His shrink groaned. “I think I’m going to be sick.”
“Suck it up, Buttercup. We don’t have time for you to be losing it.”
“You’re mean,” she complained.
“Because I don’t have time for your whining. We are in a shitload of trouble.”
At his claim, she peered from the footwell and saw the armed men running toward them through the ranks of parked cars.
“There’s so many. How are we supposed to escape?” she squeaked.
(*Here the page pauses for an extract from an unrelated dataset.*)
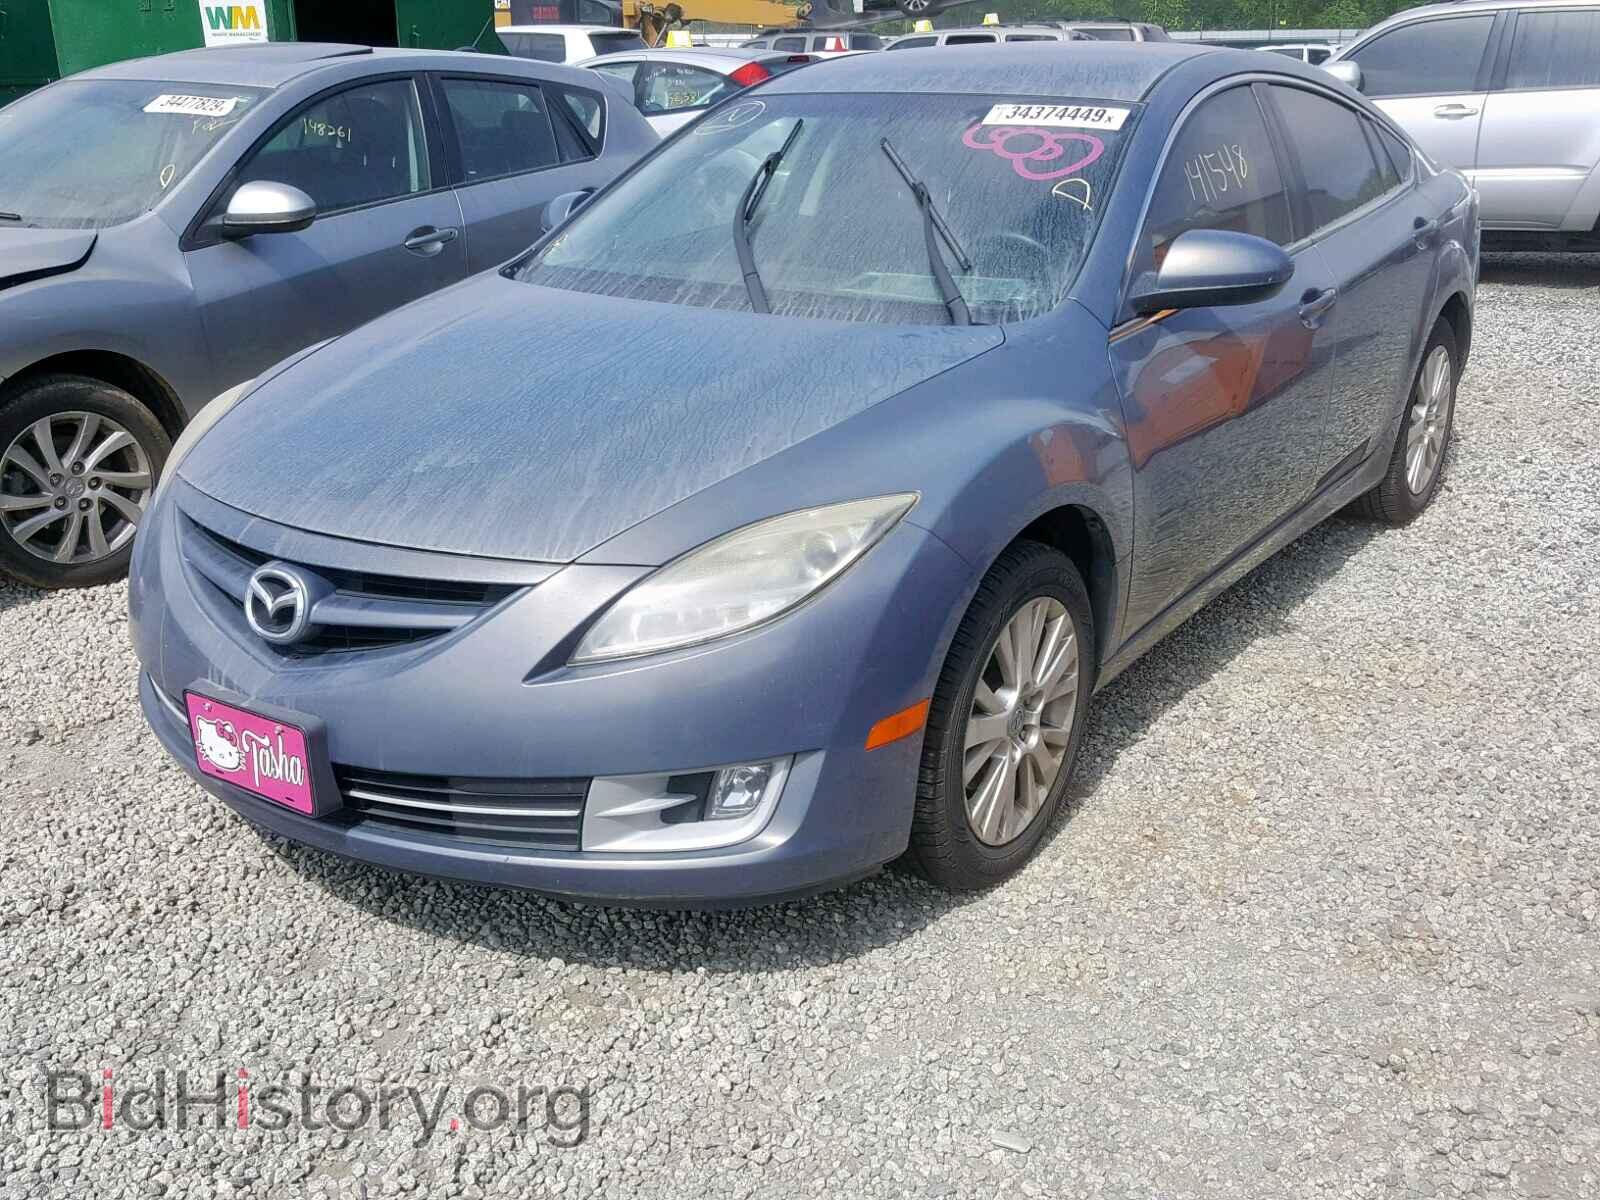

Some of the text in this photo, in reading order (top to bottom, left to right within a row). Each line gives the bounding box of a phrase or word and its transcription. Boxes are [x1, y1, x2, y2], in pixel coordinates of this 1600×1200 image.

[205, 6, 260, 30] WM
[303, 117, 351, 143] 148261
[1184, 143, 1248, 202] 141548
[241, 729, 304, 788] Tasha
“We’re not. I don’t even know if they’d accept our surrender,” his grim reply. They seemed more likely to shoot them.
“I don’t understand. Who are these people? What do they want with us?”
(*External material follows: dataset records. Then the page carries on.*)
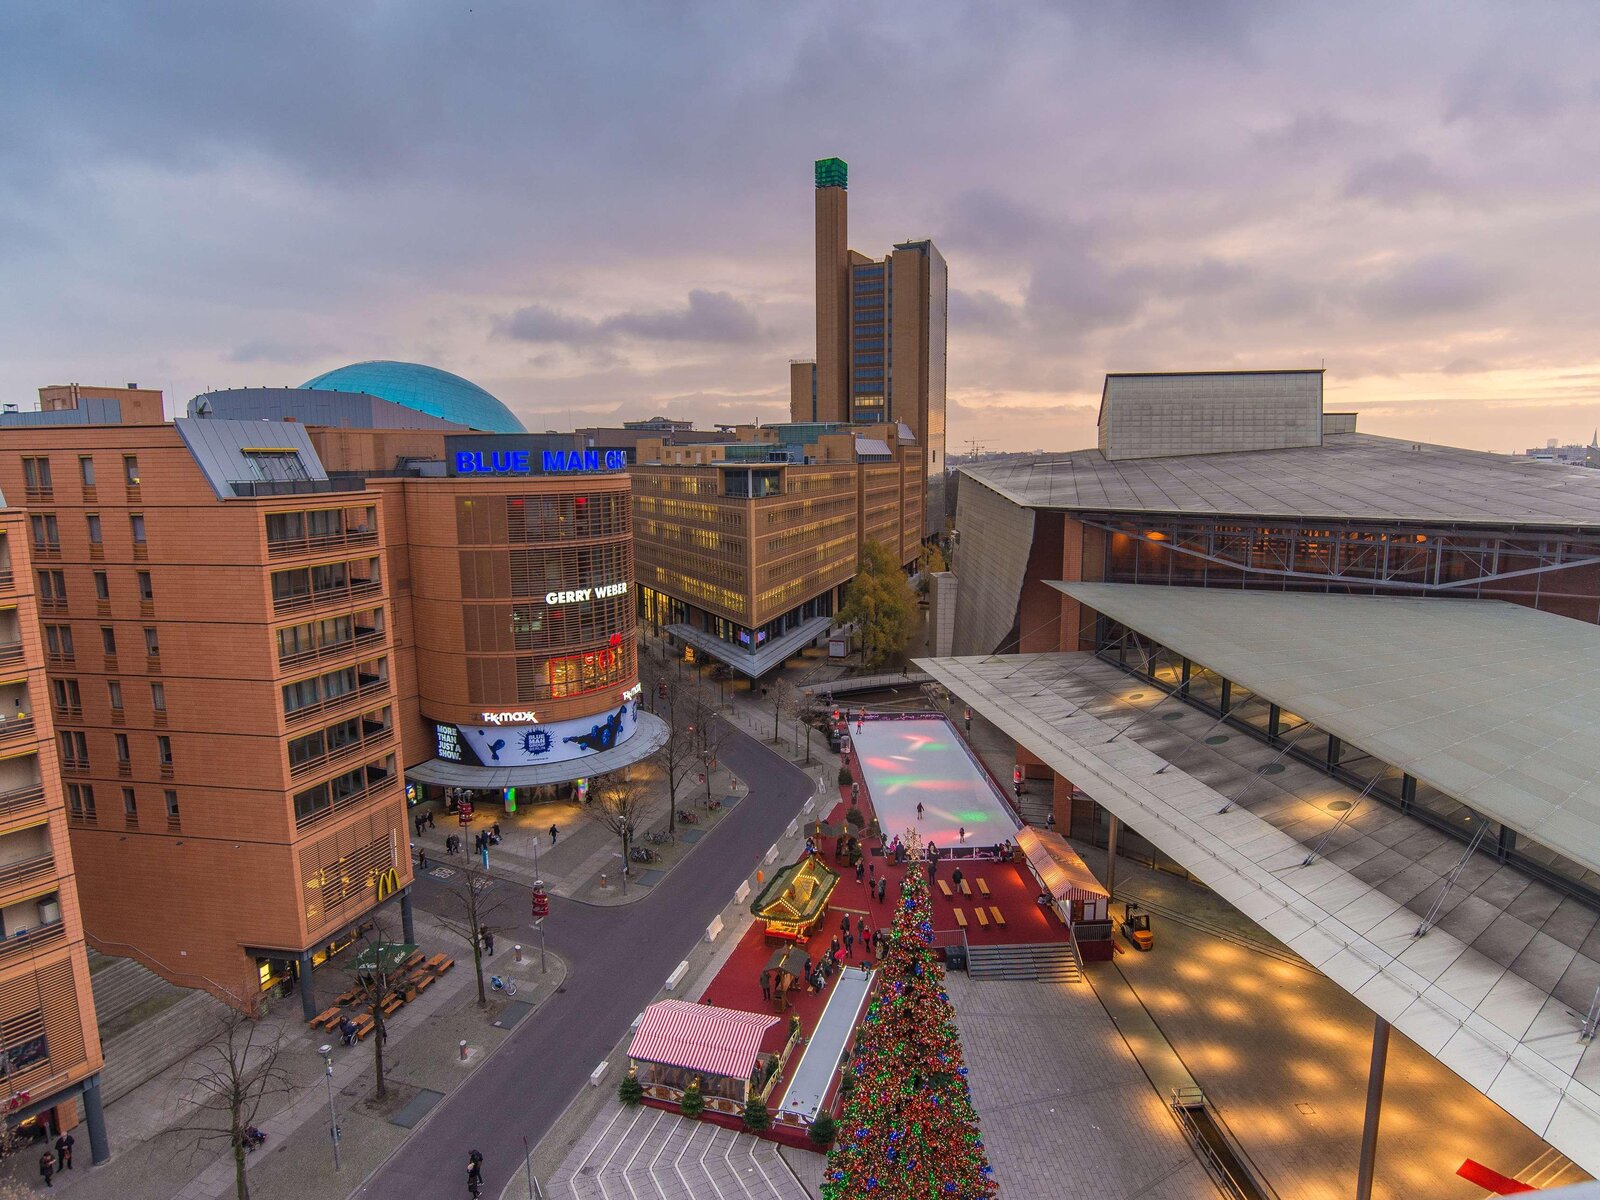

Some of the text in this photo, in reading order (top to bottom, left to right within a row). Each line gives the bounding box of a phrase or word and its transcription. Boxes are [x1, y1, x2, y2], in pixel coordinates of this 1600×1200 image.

[456, 450, 530, 473] BLUE
[543, 450, 599, 472] MAN
[545, 582, 628, 605] GERRY WEBER
[437, 724, 457, 736] MORE
[437, 732, 457, 744] THAN
[439, 741, 462, 753] JUST A
[439, 749, 462, 761] SHOW.
“That’s a complicated question, and we don’t have time. Where’s your dad’s journal?” He’d not forgotten about it.
“Glove box. You think if we hand it over they’ll leave us alone?” The suggestion had her twisting to open the compartment, but before she could reach in, he’d already grabbed the leatherbound tome and shifted his position to shove it in a pocket.
“Come here.” He patted his lap, and she blinked.
“Um, I don’t think so.”
“I need you close,” he growled.
“I am not going to be your meat shield,” she huffed.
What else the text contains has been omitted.